[Task item]
The records are to be repeated exactly, and any images in them are to be dropped.

+ + + + + + +

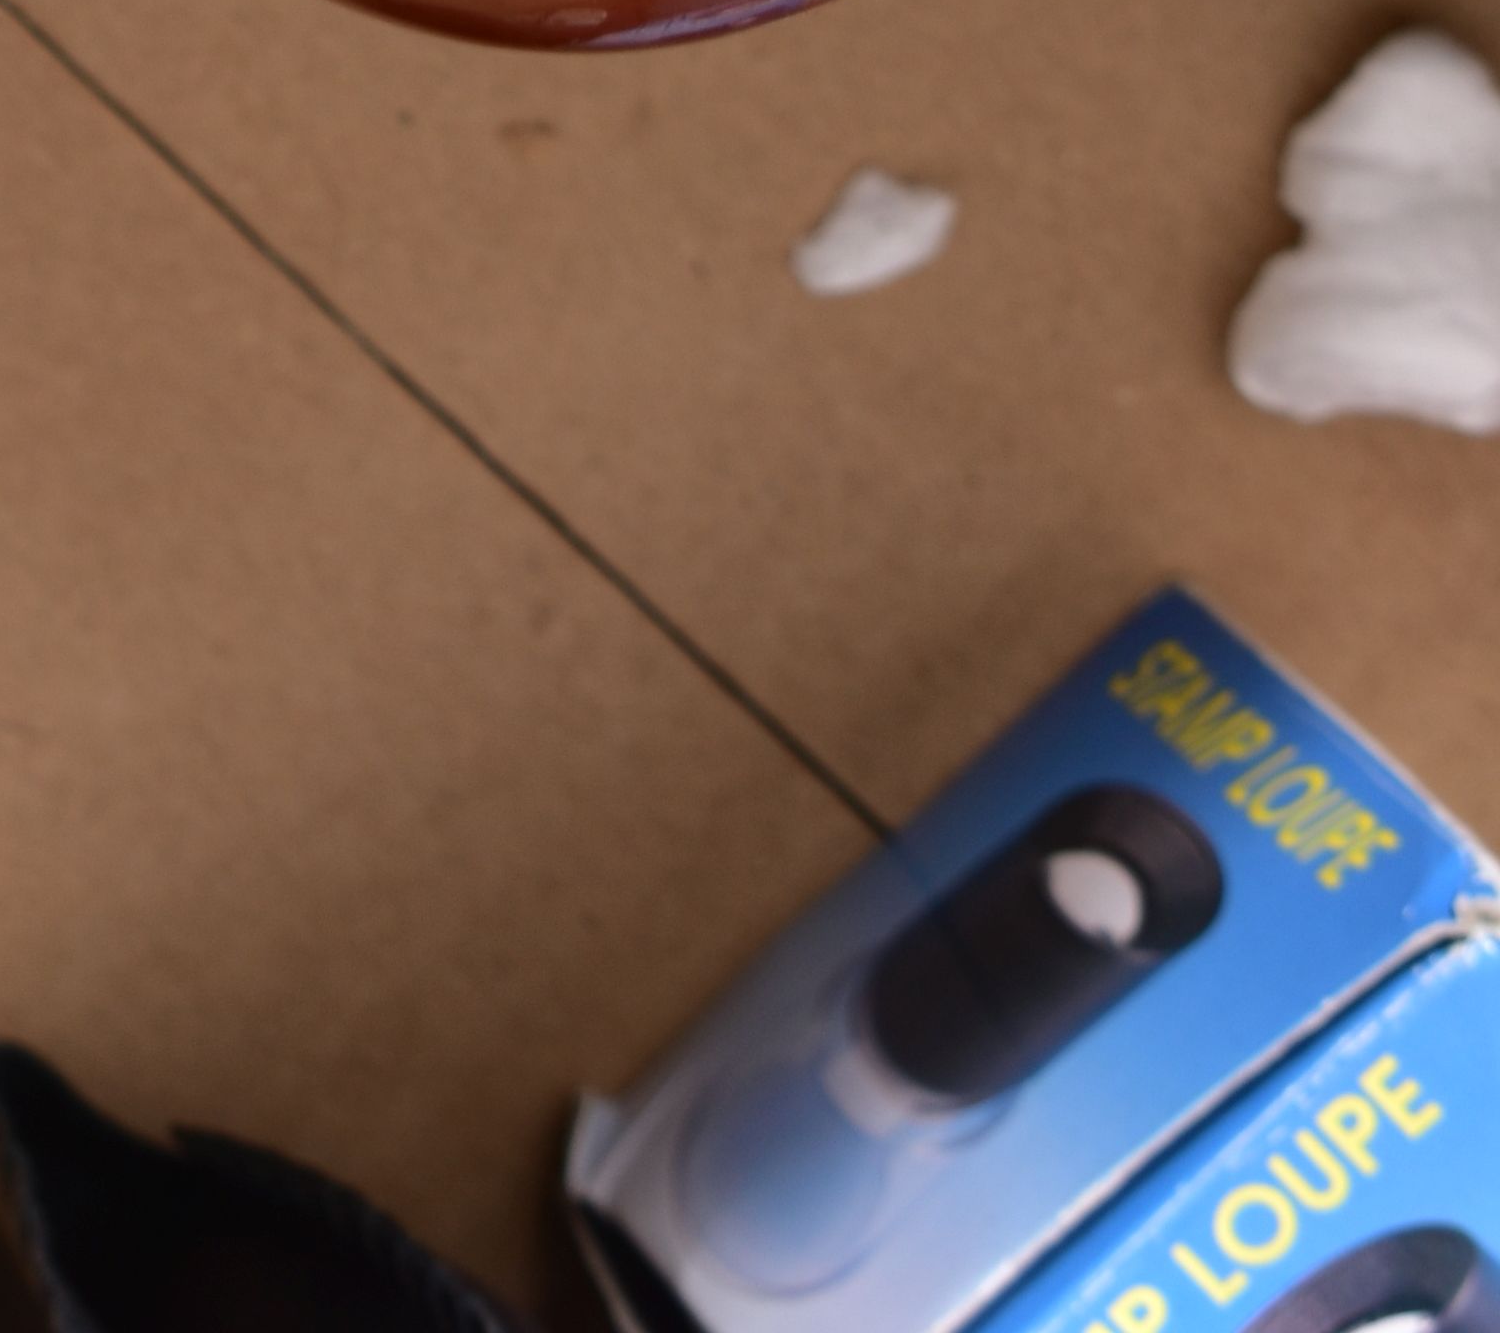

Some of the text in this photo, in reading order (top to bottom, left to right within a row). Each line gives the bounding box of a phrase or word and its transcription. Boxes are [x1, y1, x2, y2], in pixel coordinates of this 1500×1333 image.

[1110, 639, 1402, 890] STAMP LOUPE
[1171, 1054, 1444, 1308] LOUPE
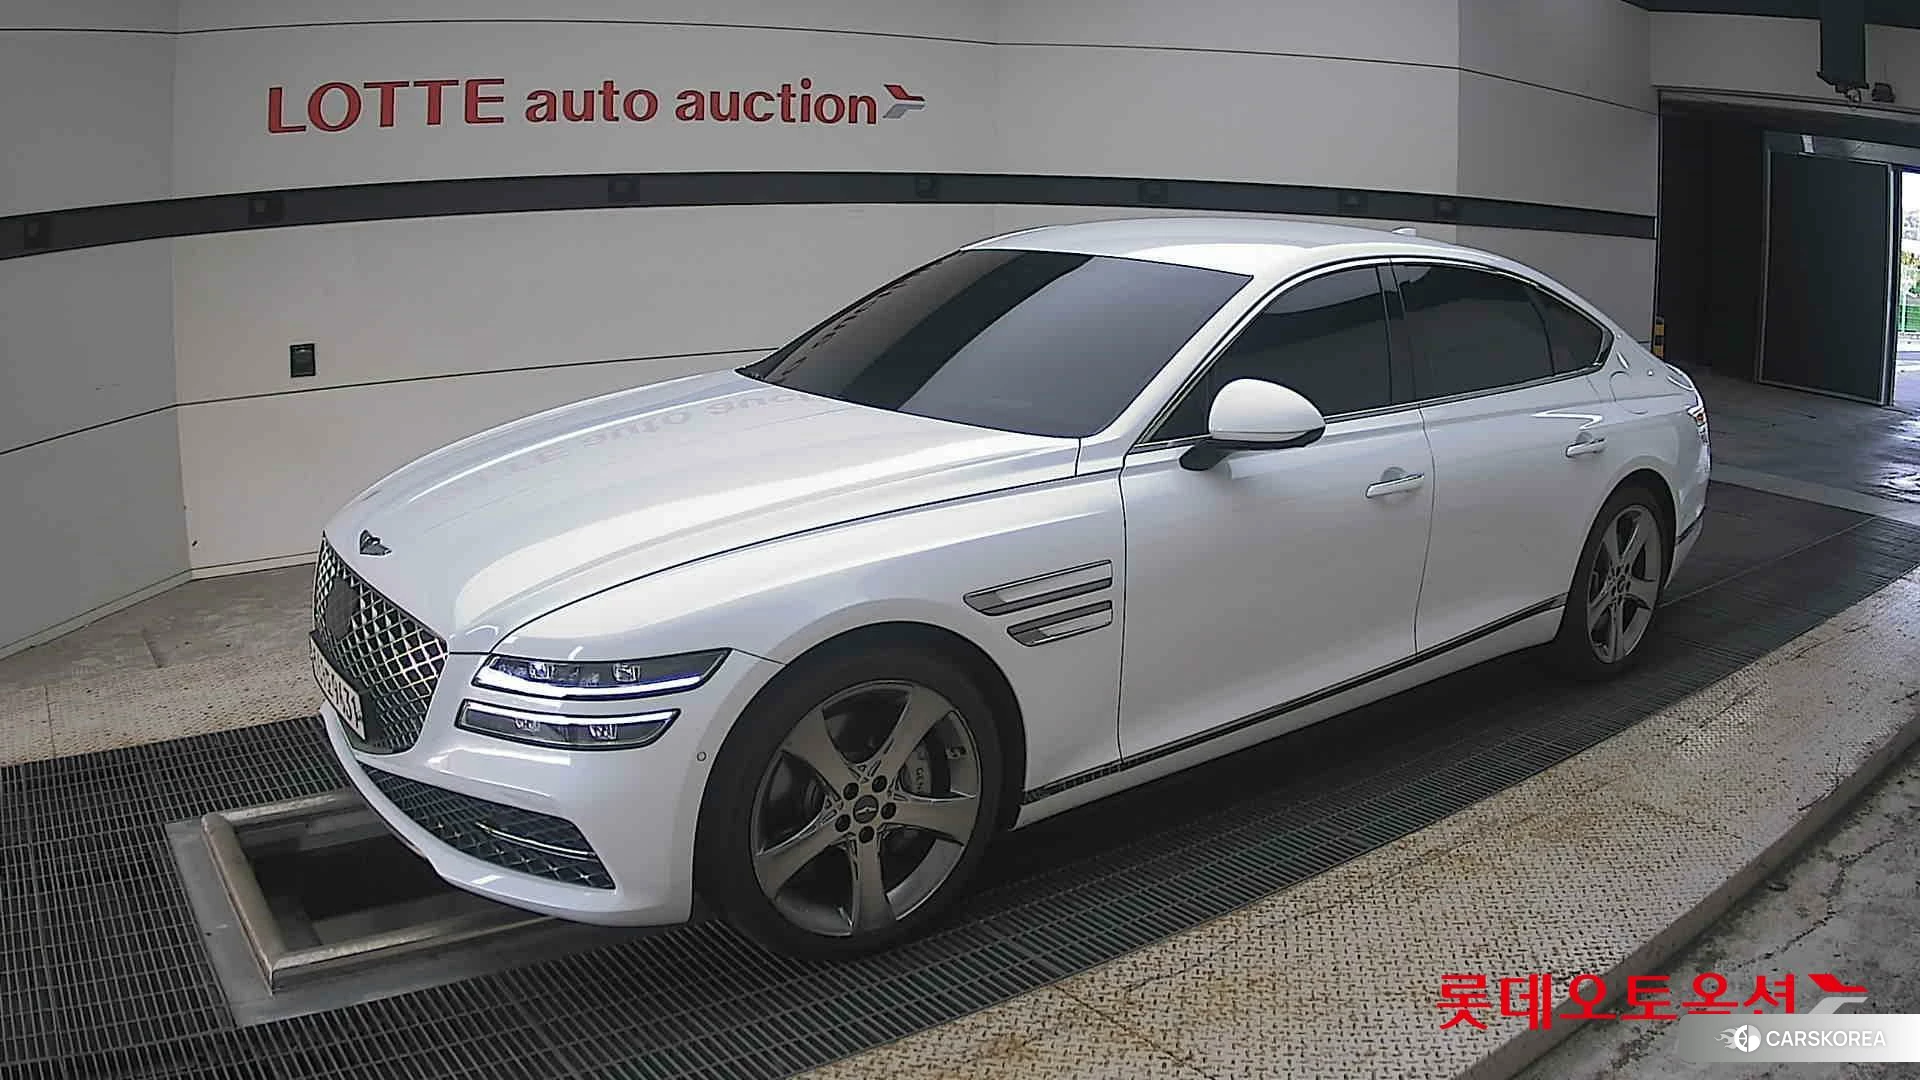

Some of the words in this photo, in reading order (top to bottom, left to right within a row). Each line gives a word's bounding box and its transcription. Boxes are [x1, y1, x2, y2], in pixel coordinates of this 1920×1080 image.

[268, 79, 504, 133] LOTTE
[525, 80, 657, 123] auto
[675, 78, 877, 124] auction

+ + + + + + +

[Problem solution]
Some of the text in this photo, in reading order (top to bottom, left to right within a row). Each line gives the bounding box of a phrase or word and its transcription. Boxes are [x1, y1, x2, y2], in pixel coordinates of this 1500×1333 image.

[1110, 639, 1402, 890] STAMP LOUPE
[1171, 1054, 1444, 1308] LOUPE

Some of the words in this photo, in reading order (top to bottom, left to right within a row). Each line gives a word's bounding box and its transcription. Boxes are [x1, y1, x2, y2], in pixel coordinates of this 1920×1080 image.

[268, 79, 504, 133] LOTTE
[525, 80, 657, 123] auto
[675, 78, 877, 124] auction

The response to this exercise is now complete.